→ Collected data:

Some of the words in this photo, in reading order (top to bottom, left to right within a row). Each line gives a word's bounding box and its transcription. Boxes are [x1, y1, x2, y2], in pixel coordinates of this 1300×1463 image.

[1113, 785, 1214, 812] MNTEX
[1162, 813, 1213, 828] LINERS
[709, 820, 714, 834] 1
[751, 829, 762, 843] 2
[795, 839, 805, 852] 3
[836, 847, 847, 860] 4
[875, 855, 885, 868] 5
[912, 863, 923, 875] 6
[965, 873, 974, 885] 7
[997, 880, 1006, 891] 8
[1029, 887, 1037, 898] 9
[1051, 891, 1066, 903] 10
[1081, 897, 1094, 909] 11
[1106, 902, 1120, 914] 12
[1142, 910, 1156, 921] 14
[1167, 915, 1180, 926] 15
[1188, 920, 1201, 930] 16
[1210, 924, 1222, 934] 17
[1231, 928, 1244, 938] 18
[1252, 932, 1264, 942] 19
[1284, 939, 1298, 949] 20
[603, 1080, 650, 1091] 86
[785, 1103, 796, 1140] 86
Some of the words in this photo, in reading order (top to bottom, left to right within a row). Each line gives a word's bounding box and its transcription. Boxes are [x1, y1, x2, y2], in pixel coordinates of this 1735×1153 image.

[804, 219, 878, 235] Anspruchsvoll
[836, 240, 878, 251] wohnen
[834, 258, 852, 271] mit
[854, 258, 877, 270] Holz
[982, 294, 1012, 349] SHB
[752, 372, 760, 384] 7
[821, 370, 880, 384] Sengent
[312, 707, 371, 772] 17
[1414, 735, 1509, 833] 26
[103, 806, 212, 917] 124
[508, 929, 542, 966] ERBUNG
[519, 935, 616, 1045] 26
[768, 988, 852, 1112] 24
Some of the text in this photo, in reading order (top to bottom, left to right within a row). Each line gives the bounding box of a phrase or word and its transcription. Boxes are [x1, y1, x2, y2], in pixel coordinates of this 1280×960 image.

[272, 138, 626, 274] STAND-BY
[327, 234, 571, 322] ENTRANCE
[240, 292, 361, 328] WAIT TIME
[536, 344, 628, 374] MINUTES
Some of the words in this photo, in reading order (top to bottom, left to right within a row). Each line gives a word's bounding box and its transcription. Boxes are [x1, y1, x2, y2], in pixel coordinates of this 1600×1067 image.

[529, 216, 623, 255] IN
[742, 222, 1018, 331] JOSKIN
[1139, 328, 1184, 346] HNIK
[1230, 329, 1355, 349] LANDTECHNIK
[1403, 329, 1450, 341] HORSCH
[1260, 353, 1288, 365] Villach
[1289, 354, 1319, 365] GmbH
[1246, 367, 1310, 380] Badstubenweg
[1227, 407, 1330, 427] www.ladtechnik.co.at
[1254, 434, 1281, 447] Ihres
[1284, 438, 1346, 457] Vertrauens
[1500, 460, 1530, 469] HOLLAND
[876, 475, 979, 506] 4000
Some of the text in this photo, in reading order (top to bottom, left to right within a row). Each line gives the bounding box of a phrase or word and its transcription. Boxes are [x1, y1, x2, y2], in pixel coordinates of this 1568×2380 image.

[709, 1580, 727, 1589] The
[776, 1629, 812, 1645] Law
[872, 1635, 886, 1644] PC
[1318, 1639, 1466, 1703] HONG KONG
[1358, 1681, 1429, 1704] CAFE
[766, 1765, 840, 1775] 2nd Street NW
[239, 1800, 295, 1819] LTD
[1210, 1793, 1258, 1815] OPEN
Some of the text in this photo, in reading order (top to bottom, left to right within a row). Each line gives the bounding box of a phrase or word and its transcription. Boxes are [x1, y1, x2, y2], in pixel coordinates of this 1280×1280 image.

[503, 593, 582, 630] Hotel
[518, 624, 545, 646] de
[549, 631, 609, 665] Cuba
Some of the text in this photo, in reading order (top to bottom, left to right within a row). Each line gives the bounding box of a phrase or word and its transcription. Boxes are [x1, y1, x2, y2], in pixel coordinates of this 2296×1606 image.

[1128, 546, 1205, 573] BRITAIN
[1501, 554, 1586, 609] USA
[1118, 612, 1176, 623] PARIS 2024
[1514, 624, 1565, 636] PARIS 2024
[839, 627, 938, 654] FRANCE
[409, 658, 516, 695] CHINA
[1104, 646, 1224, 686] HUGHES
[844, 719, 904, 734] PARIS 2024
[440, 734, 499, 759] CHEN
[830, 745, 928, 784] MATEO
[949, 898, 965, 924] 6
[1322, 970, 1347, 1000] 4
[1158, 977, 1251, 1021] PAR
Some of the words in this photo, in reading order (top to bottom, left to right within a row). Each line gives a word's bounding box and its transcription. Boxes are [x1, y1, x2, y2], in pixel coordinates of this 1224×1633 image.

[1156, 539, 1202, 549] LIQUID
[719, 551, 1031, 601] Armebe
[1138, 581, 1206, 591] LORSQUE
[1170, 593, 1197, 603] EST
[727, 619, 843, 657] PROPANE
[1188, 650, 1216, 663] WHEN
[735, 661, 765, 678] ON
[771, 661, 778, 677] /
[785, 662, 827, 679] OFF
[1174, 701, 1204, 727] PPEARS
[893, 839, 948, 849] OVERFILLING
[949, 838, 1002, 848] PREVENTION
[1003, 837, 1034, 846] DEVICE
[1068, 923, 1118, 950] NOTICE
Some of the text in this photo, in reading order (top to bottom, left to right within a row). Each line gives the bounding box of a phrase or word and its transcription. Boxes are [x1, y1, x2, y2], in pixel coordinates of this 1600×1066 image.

→ To do:
Write out each record exactly, without addition or omission.

→ Result for this exercise:
Some of the words in this photo, in reading order (top to bottom, left to right within a row). Each line gives a word's bounding box and its transcription. Boxes are [x1, y1, x2, y2], in pixel coordinates of this 1300×1463 image.

[1113, 785, 1214, 812] MNTEX
[1162, 813, 1213, 828] LINERS
[709, 820, 714, 834] 1
[751, 829, 762, 843] 2
[795, 839, 805, 852] 3
[836, 847, 847, 860] 4
[875, 855, 885, 868] 5
[912, 863, 923, 875] 6
[965, 873, 974, 885] 7
[997, 880, 1006, 891] 8
[1029, 887, 1037, 898] 9
[1051, 891, 1066, 903] 10
[1081, 897, 1094, 909] 11
[1106, 902, 1120, 914] 12
[1142, 910, 1156, 921] 14
[1167, 915, 1180, 926] 15
[1188, 920, 1201, 930] 16
[1210, 924, 1222, 934] 17
[1231, 928, 1244, 938] 18
[1252, 932, 1264, 942] 19
[1284, 939, 1298, 949] 20
[603, 1080, 650, 1091] 86
[785, 1103, 796, 1140] 86
Some of the words in this photo, in reading order (top to bottom, left to right within a row). Each line gives a word's bounding box and its transcription. Boxes are [x1, y1, x2, y2], in pixel coordinates of this 1735×1153 image.

[804, 219, 878, 235] Anspruchsvoll
[836, 240, 878, 251] wohnen
[834, 258, 852, 271] mit
[854, 258, 877, 270] Holz
[982, 294, 1012, 349] SHB
[752, 372, 760, 384] 7
[821, 370, 880, 384] Sengent
[312, 707, 371, 772] 17
[1414, 735, 1509, 833] 26
[103, 806, 212, 917] 124
[508, 929, 542, 966] ERBUNG
[519, 935, 616, 1045] 26
[768, 988, 852, 1112] 24
Some of the text in this photo, in reading order (top to bottom, left to right within a row). Each line gives the bounding box of a phrase or word and its transcription. Boxes are [x1, y1, x2, y2], in pixel coordinates of this 1280×960 image.

[272, 138, 626, 274] STAND-BY
[327, 234, 571, 322] ENTRANCE
[240, 292, 361, 328] WAIT TIME
[536, 344, 628, 374] MINUTES
Some of the words in this photo, in reading order (top to bottom, left to right within a row). Each line gives a word's bounding box and its transcription. Boxes are [x1, y1, x2, y2], in pixel coordinates of this 1600×1067 image.

[529, 216, 623, 255] IN
[742, 222, 1018, 331] JOSKIN
[1139, 328, 1184, 346] HNIK
[1230, 329, 1355, 349] LANDTECHNIK
[1403, 329, 1450, 341] HORSCH
[1260, 353, 1288, 365] Villach
[1289, 354, 1319, 365] GmbH
[1246, 367, 1310, 380] Badstubenweg
[1227, 407, 1330, 427] www.ladtechnik.co.at
[1254, 434, 1281, 447] Ihres
[1284, 438, 1346, 457] Vertrauens
[1500, 460, 1530, 469] HOLLAND
[876, 475, 979, 506] 4000
Some of the text in this photo, in reading order (top to bottom, left to right within a row). Each line gives the bounding box of a phrase or word and its transcription. Boxes are [x1, y1, x2, y2], in pixel coordinates of this 1568×2380 image.

[709, 1580, 727, 1589] The
[776, 1629, 812, 1645] Law
[872, 1635, 886, 1644] PC
[1318, 1639, 1466, 1703] HONG KONG
[1358, 1681, 1429, 1704] CAFE
[766, 1765, 840, 1775] 2nd Street NW
[239, 1800, 295, 1819] LTD
[1210, 1793, 1258, 1815] OPEN
Some of the text in this photo, in reading order (top to bottom, left to right within a row). Each line gives the bounding box of a phrase or word and its transcription. Boxes are [x1, y1, x2, y2], in pixel coordinates of this 1280×1280 image.

[503, 593, 582, 630] Hotel
[518, 624, 545, 646] de
[549, 631, 609, 665] Cuba
Some of the text in this photo, in reading order (top to bottom, left to right within a row). Each line gives the bounding box of a phrase or word and its transcription. Boxes are [x1, y1, x2, y2], in pixel coordinates of this 2296×1606 image.

[1128, 546, 1205, 573] BRITAIN
[1501, 554, 1586, 609] USA
[1118, 612, 1176, 623] PARIS 2024
[1514, 624, 1565, 636] PARIS 2024
[839, 627, 938, 654] FRANCE
[409, 658, 516, 695] CHINA
[1104, 646, 1224, 686] HUGHES
[844, 719, 904, 734] PARIS 2024
[440, 734, 499, 759] CHEN
[830, 745, 928, 784] MATEO
[949, 898, 965, 924] 6
[1322, 970, 1347, 1000] 4
[1158, 977, 1251, 1021] PAR
Some of the words in this photo, in reading order (top to bottom, left to right within a row). Each line gives a word's bounding box and its transcription. Boxes are [x1, y1, x2, y2], in pixel coordinates of this 1224×1633 image.

[1156, 539, 1202, 549] LIQUID
[719, 551, 1031, 601] Armebe
[1138, 581, 1206, 591] LORSQUE
[1170, 593, 1197, 603] EST
[727, 619, 843, 657] PROPANE
[1188, 650, 1216, 663] WHEN
[735, 661, 765, 678] ON
[771, 661, 778, 677] /
[785, 662, 827, 679] OFF
[1174, 701, 1204, 727] PPEARS
[893, 839, 948, 849] OVERFILLING
[949, 838, 1002, 848] PREVENTION
[1003, 837, 1034, 846] DEVICE
[1068, 923, 1118, 950] NOTICE
Some of the text in this photo, in reading order (top to bottom, left to right within a row). Each line gives the bounding box of a phrase or word and its transcription. Boxes are [x1, y1, x2, y2], in pixel coordinates of this 1600×1066 image.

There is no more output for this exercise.